Now, re-enable notifications only for those few things you are giving permission to interrupt your life.
Add more steps.
Everything in your smartphone is just a few mindless taps and swipes away. Then, before you know it, 45 minutes have passed and you haven’t been doing that thing you wanted to be doing. Adding more steps, more taps, more swipes — and making as many of these mindful, instead of mindless — can make a huge difference.
If you wanted to keep an app, because you want to use it a couple times a day, or once a week, or whatever, but you don’t want to be tempted by it, put it three screens deep within a subfolder. (e.g., I have Instagram on my last page of apps within a folder called “Time Wasting” — I still use it, but not often, and almost never mindlessly)
If you know that you’ll still check Facebook a ton, even if it’s via your browser, don’t allow Facebook to stay logged in or remember your password, or use incognito mode (e.g., in Chrome) so you have to type in your email and password every time you check it.
If your problem is that you open your phone too much to check on what’s new, remove the badges (the little red numbers) from your apps, and make it more difficult to open your phone (a 6 digit code instead of 4, a code instead of fingerprint, etc.).
Generally, just take a good look at your habitual patterns that you’re not happy with (notice the ways they are finely oiled machines, where one thing smoothly leads into the next), then throw a few wrenches into the works.

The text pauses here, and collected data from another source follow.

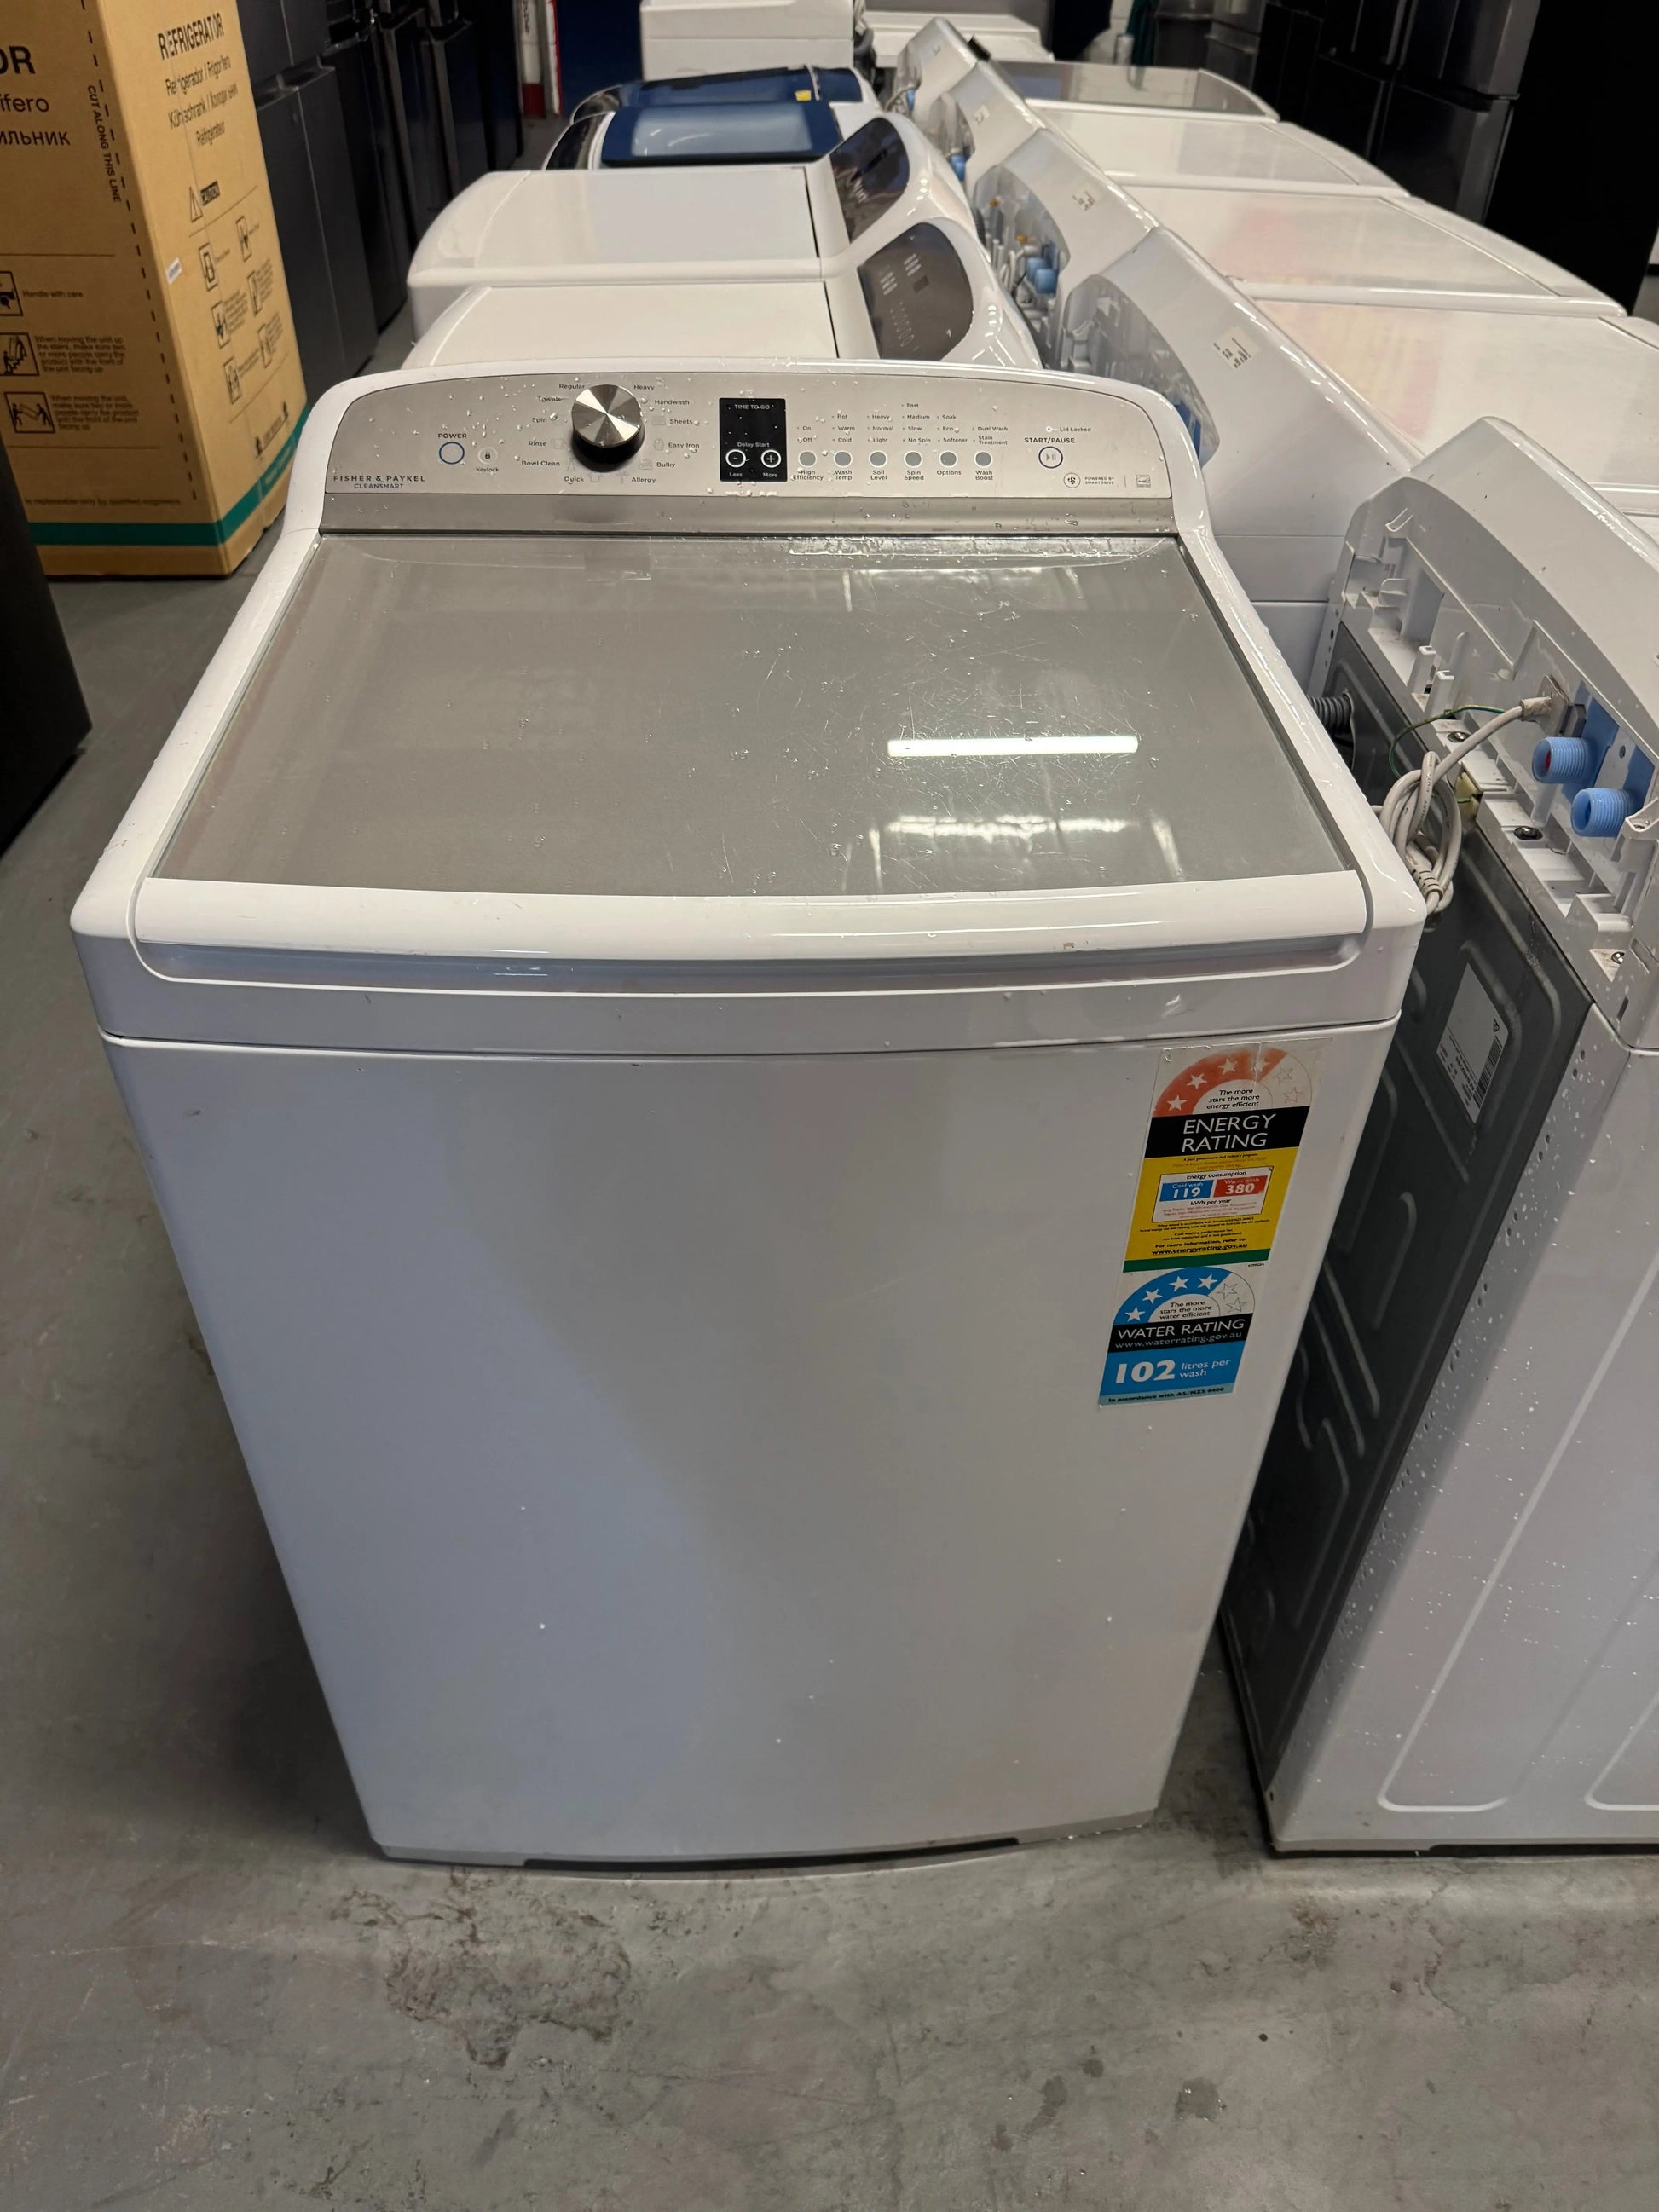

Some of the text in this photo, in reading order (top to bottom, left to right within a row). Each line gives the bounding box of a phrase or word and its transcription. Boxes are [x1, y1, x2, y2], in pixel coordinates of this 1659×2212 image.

[158, 12, 224, 60] REFRIGERATOR
[88, 85, 121, 202] CUT ALONG THIS LINE
[1183, 1113, 1276, 1135] ENERGY
[1182, 1133, 1268, 1152] RATING
[1173, 1187, 1201, 1198] 119
[1225, 1183, 1255, 1194] 380
[1152, 1244, 1247, 1256] www.energyrating.gov.au
[1118, 1320, 1246, 1339] WATER RATING
[1115, 1331, 1242, 1349] www.waterrating.gov.au
[1115, 1360, 1176, 1384] 102
[1182, 1359, 1231, 1370] litres per
[1179, 1370, 1207, 1378] wash
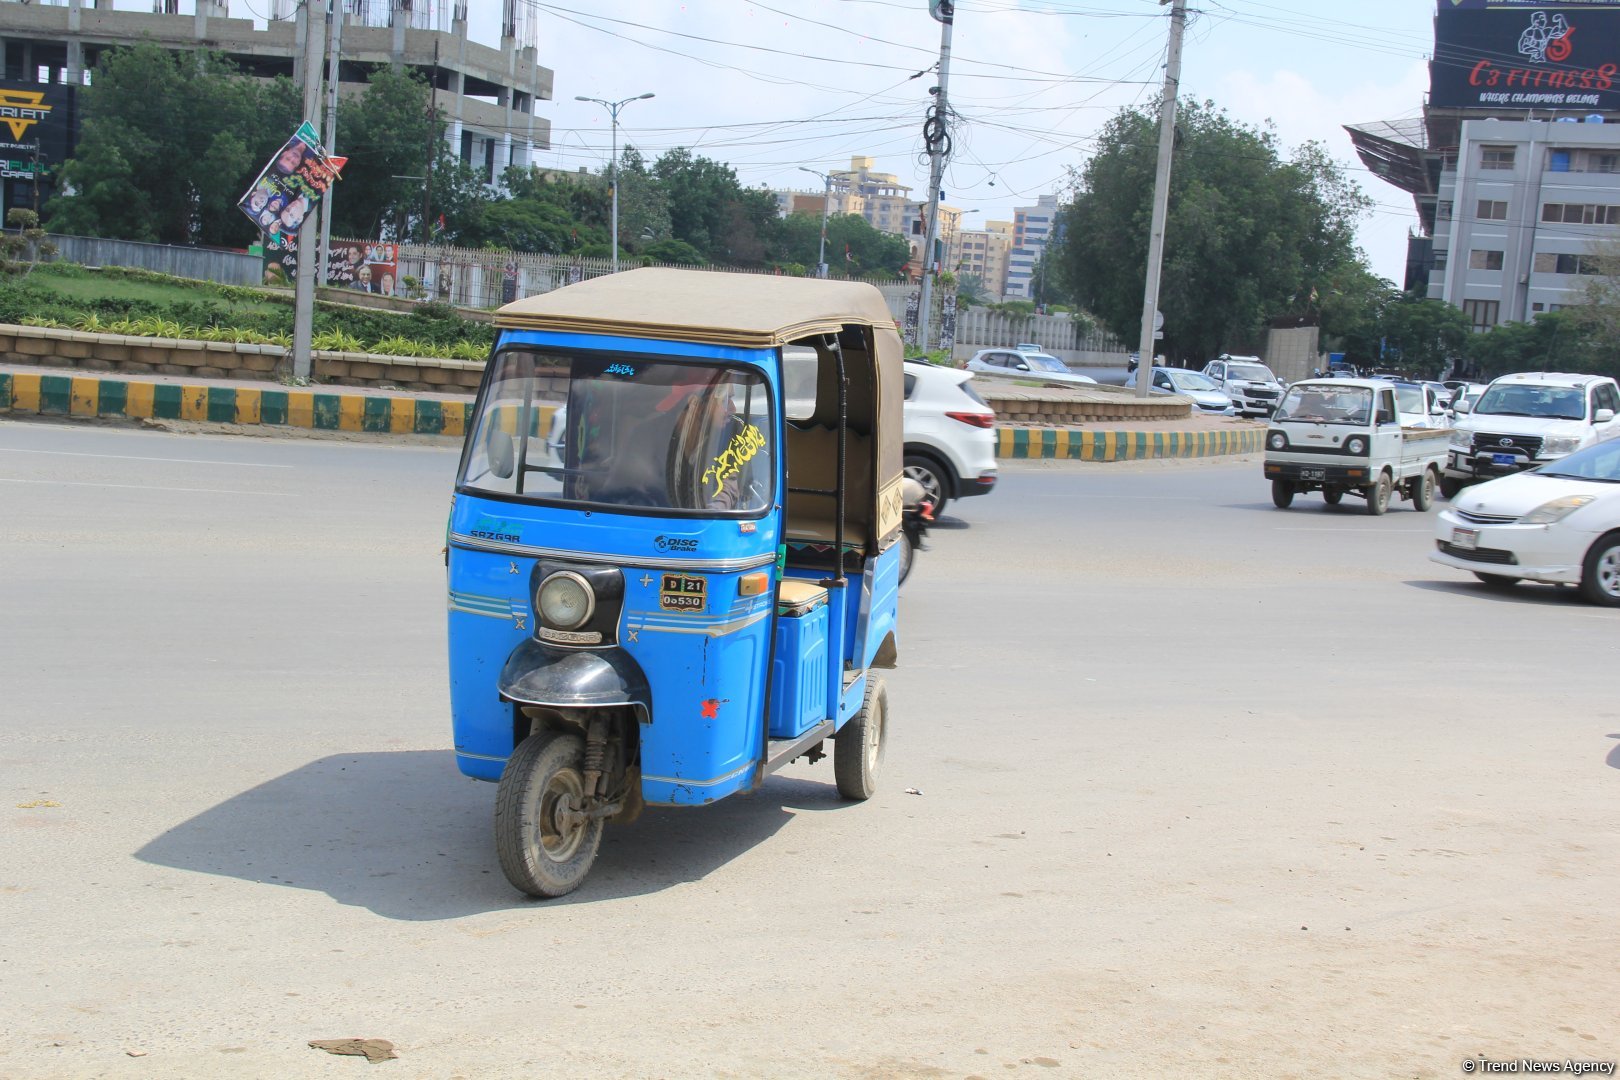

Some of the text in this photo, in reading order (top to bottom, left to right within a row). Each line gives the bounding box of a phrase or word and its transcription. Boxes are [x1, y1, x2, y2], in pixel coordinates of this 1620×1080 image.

[1469, 60, 1617, 90] C3 FITNESS
[1479, 92, 1510, 104] WHERE
[1, 170, 34, 180] CAFE
[667, 538, 698, 547] DISC
[670, 580, 677, 589] D
[687, 582, 701, 591] 21
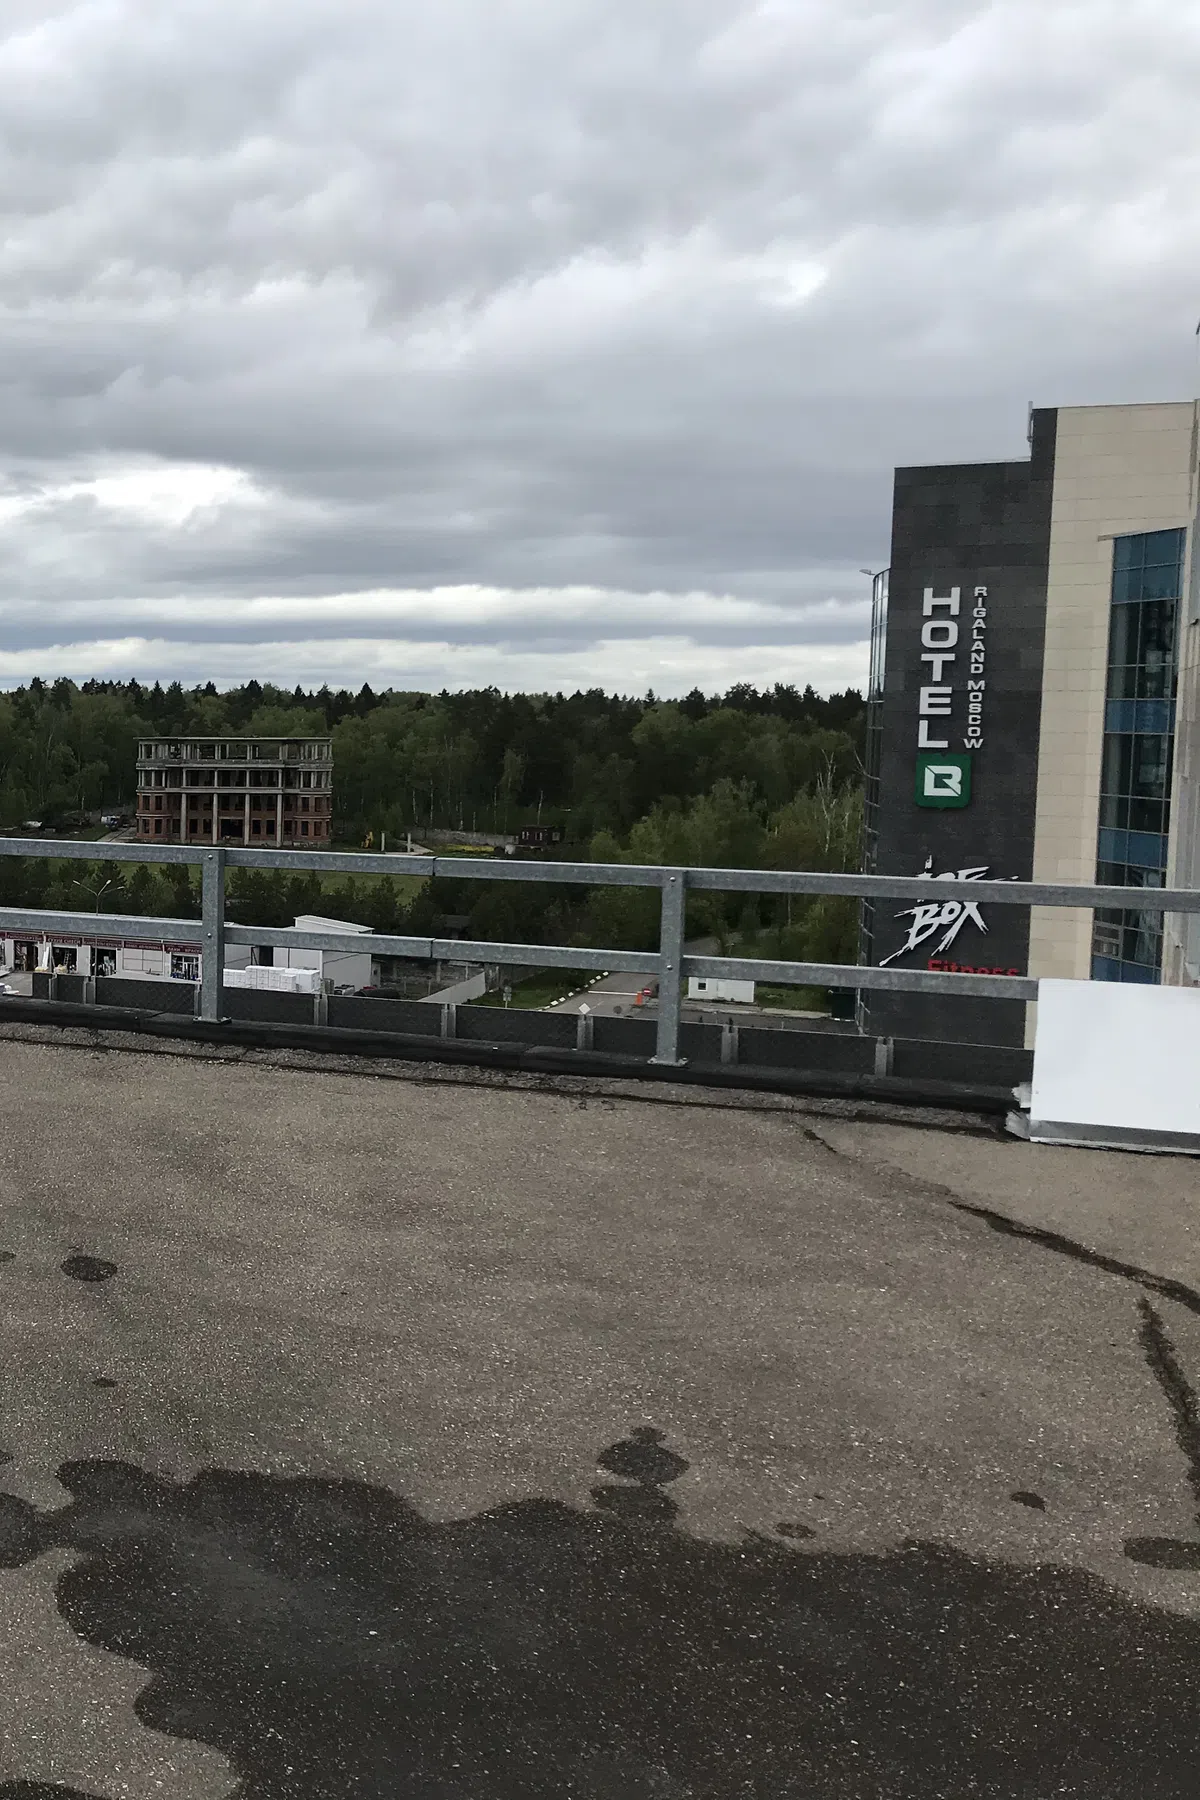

Third, Take Away the Candy
Now that you’ve uninstalled your time-suck apps and disabled attention-sucking features, there’s a more general, all-purpose move that I’ve found really helpful: change your screen from color to grayscale.
In iOS, here is the path that will allow you to change this setting: Settings –> General –> Accessibility –> Display Accommodations –> Color Filters –> Grayscale.
What does this do? It takes the eye candy away, and makes using your phone feel more like eating your vegetables.
Does it work? It helps! It’s not a panacea, but used in conjunction with the above step, it can really help turn down the temptation of picking up your phone every few seconds.
Like adding additional steps, changing your screen settings doubles as a mindfulness trigger, at least for the first few weeks until you get used to it. When you look at your phone, you’ll notice the grayscale screen, which can prompt you to take a step back and decide “Do I want to be using my phone right now? Or was I just on autopilot?”
If you absolutely need color for some uses (e.g., for airline tickets), you can turn on an accessibility shortcut for color filters (for iOS: Settings –> General –> Accessibility –> Accessibility Shortcut –> Color Filters), which will allow you to toggle the setting with three quick home button presses.
Lather, Rinse, Repeat
Maybe you’re like me. You’ve decided that you need a smartphone in your life (at least right now), but you don’t want it to take over your life. If so, then all of this is going to be an ongoing process.
The phones keep getting better, and the apps keep getting better at making you want to use your phone.
There are entire schools of thought and fields of research that are working against you on this front. Ultimately, you’re overpowered, outnumbered, out-funded, and if you keep using your phone you’re going to lose sometimes (if not most times).
I still use my phone more than I want to. And I notice that feeling, while it’s happening, more than I used to. That’s my small victory.
That prompts me to take a step back, and rethink about ways I might add some positive habits to obstruct my current negative ones, new apps I should delete, and other ways I can tweak my relationship to my phone.
The end goal being for me to be in control of my phone, not the other way around.